The discussion herein is qualified in its entirety by reference to such filed transaction documents.
June
2020 Transactions
On
June 1, 2020, we entered into the June Purchase Agreement with certain purchasers (the “June Purchasers”) pursuant
to which we issued and sold in a registered direct offering priced at the market, an aggregate of 2,930,402 shares (the “June
Shares”) of common stock, at a purchase price of $ 0.33 per June Share, and in a concurrent private placement, warrants
(the “June Warrants”) to purchase up to 2,930,402 shares (the “June Warrant Shares”), at a purchase price
of $0.125 per June Warrant, for a combined purchase price per June Share and June Warrant of $0.455, which is priced at the market
under Nasdaq rules. The June Warrants are exercisable immediately on the date of issuance at an exercise price of $0.33 per share
and will expire five years following the date of issuance. The closing of these transactions occurred on June 3, 2020.
The
terms of the June Purchase Agreement and the June Warrants are complex and are only briefly summarized above. For further information
regarding these agreements and the financing, please refer to our Current Report on Form 8-K filed with the SEC on June 3, 2020.

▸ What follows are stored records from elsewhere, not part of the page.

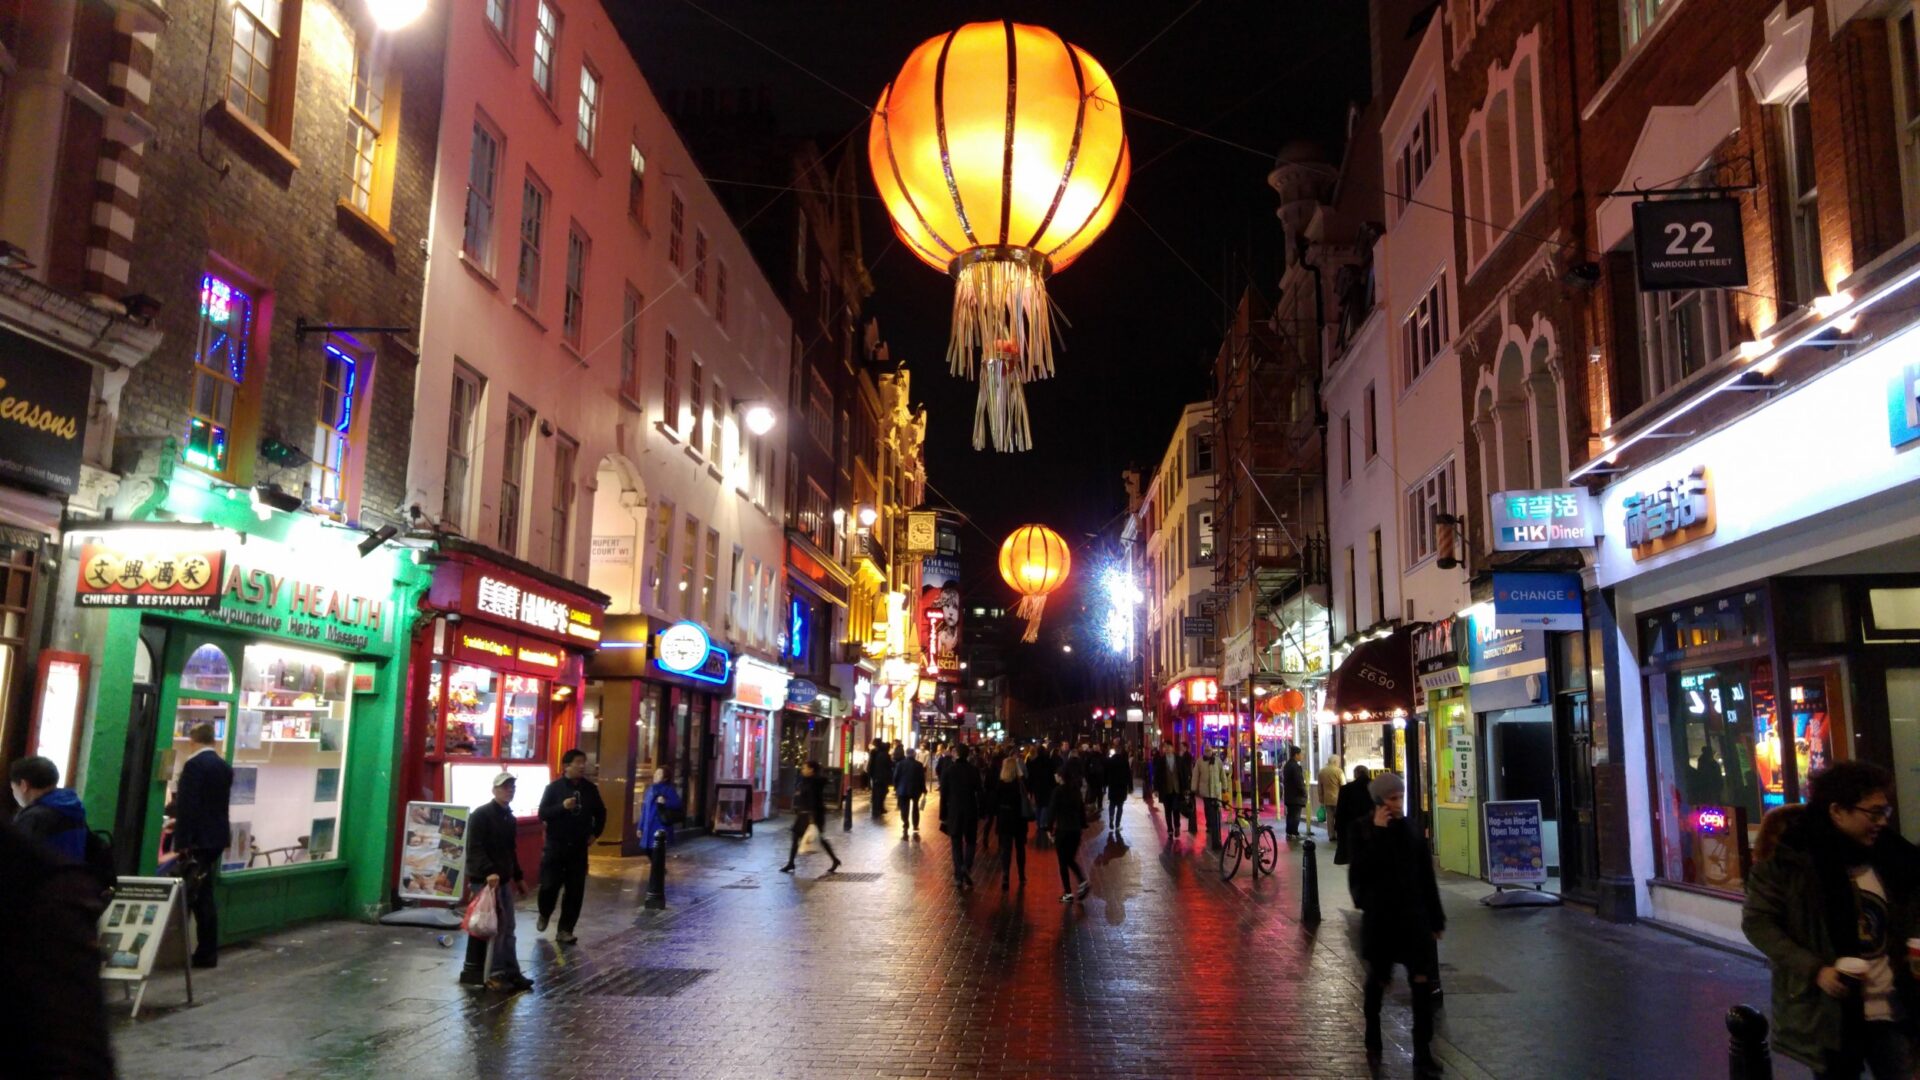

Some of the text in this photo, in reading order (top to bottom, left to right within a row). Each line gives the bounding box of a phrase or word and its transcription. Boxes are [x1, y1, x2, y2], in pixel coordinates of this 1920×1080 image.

[1664, 222, 1715, 255] 22
[1652, 257, 1732, 269] WARDOUR STREET
[47, 470, 72, 486] branch
[1514, 525, 1584, 541] HK Diner
[592, 539, 619, 547] RUPERT
[592, 547, 629, 555] COURT W1
[926, 559, 942, 567] THE
[82, 594, 211, 606] CHINESE RESTAURANT
[223, 564, 382, 631] ASY HEALTH
[1510, 590, 1564, 601] CHANGE
[942, 644, 954, 658] Les
[1357, 667, 1395, 690] £6.90
[1343, 709, 1408, 720] TAK RIS
[1488, 815, 1538, 826] Hop-on Hop-off
[1699, 812, 1724, 828] OPEN
[1491, 826, 1537, 837] Open Top Tours

The discussion herein is qualified in its entirety by reference to such filed transaction documents.
July
2020 Waivers
The
April Purchasers and the June Purchasers participated in the July Public Offering and agreed with the representative of the underwriters
to enter into a lock-up and voting agreement (the “Lock-Up and Voting Agreements”) whereby among other terms, each
of the April Purchasers and the June Purchasers agreed to vote all shares of common stock each beneficially owned as of the Record
Date, with respect to the proposals contained in this proxy statement (however such purchasers cannot vote on this Proposal 5).

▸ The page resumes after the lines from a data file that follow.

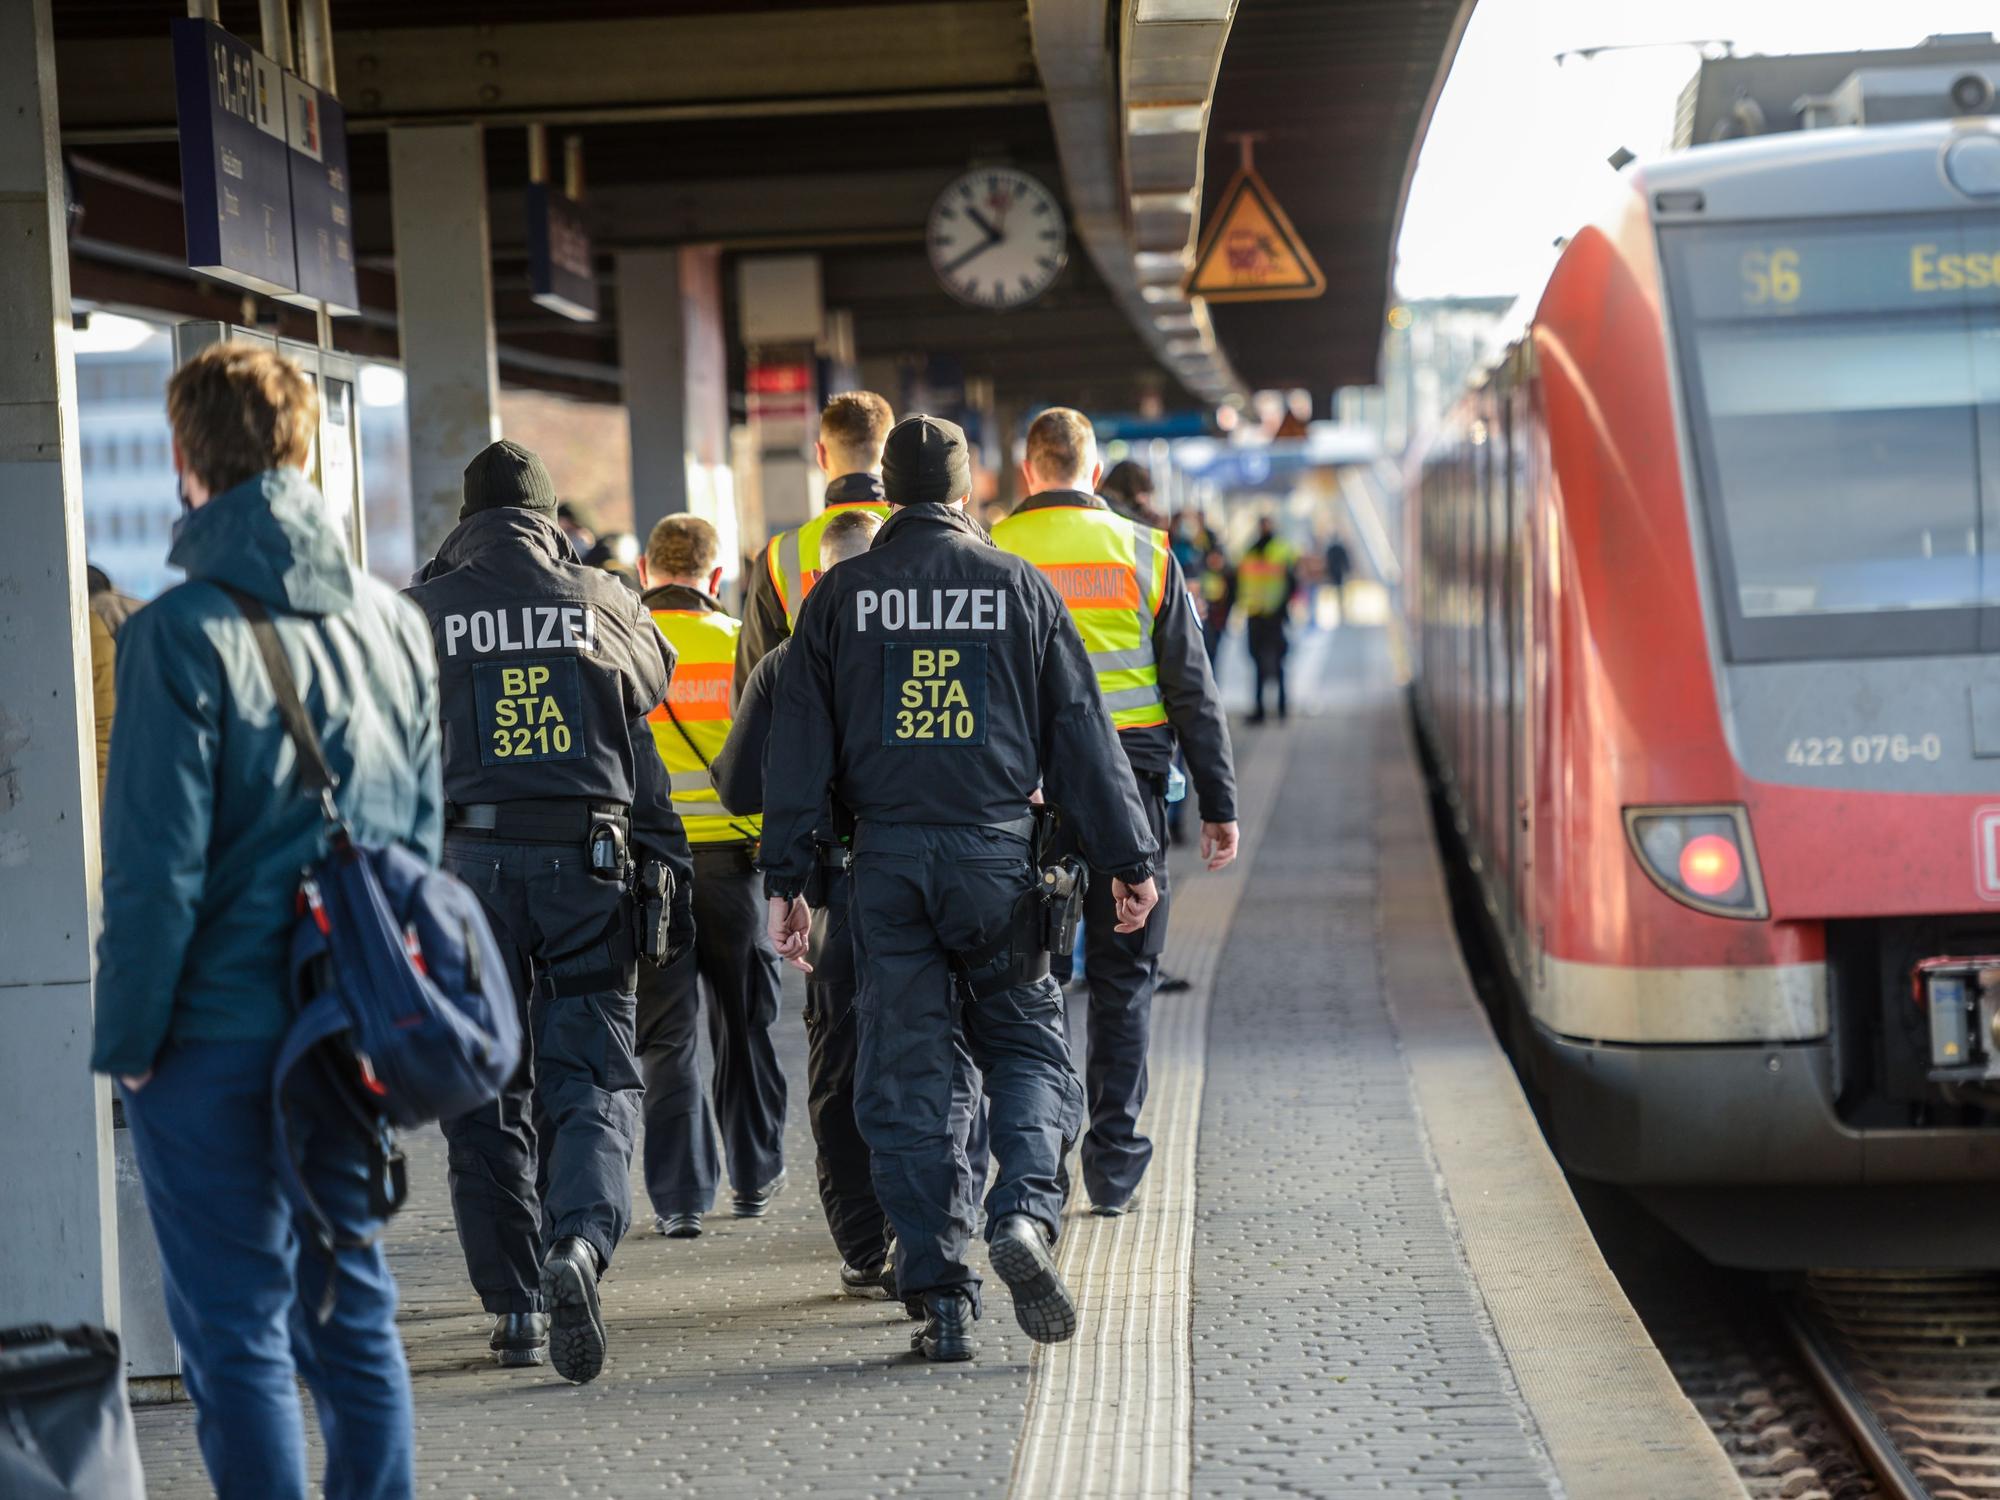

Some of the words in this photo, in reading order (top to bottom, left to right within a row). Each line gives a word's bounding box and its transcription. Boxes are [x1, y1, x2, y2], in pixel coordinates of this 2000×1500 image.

[1743, 248, 1801, 303] S6
[856, 588, 1007, 632] POLIZEI
[444, 607, 596, 656] POLIZEI
[912, 649, 961, 677] BP
[502, 666, 550, 697] BP
[900, 680, 969, 708] STA
[495, 696, 564, 727] STA
[895, 710, 974, 739] 3210
[493, 725, 571, 758] 3210
[1786, 736, 1844, 767] 422

Additionally, as consideration for the April Purchasers’ and June Purchasers’ waiver of certain rights set forth in
April Purchase Agreement and June Purchase Agreement, each such purchaser was issued unregistered warrants (the “Waiver
Warrants”) substantially similar to the warrants issued in the July Public Offering and the July Warrants, except that the
Waiver Warrants have a term of five years, have an exercise price equal to $0.37 per share and carry piggy-back registration rights.

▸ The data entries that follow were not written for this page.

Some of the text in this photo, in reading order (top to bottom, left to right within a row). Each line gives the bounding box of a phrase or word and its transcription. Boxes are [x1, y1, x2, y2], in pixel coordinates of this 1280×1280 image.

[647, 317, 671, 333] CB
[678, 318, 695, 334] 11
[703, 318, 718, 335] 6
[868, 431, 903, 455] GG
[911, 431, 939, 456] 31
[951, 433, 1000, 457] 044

The number of shares of common stock underlying the Waiver Warrants was equal to the dollar amount subscribed by such purchasers
in the July Public Offering and/or the concurrent private placement, multiplied by 1.5, which equates to Waiver Warrants to purchase
up to an aggregate of 3,495,000 shares (the “Waiver Warrant Shares”) of common stock.
Why
the Company Needs Stockholder Approval
We
are seeking the Stockholder Approval in order to comply with Nasdaq Listing Rules 5635(d). Under Nasdaq Listing Rule 5635(d),
stockholder approval is required for a transaction other than a public offering involving the sale, issuance or potential issuance
by an issuer of common stock (or securities convertible into or exercisable for common stock) at a price that is less than the
greater of book or market value of the stock if the number of shares of common stock to be issued is or may be equal to 20% or
more of the common stock, or 20% or more of the voting power, outstanding before the issuance. Since the exercise price of the
Waiver Warrants was lower than the market price of our common stock on the date of issuance of the Preferred Stock, the Company
requires the stockholder approval described in the proxy statement to issue 20% or more of our outstanding common stock as calculated
immediately prior to the date of the financing.
Effect
of Proposal on Current Stockholders
If
the Second Nasdaq Proposal is adopted, based on an initial exercise price per share of the April Warrants, the June Warrants,
and the July Warrants, 8,312,195 shares of common stock would be issuable upon exercise of such warrants, representing up to 21.85%
of the shares of our common stock outstanding on Record Date.
The
issuance of such shares could result in significant dilution to our stockholders, and could substantially reduce our stockholders’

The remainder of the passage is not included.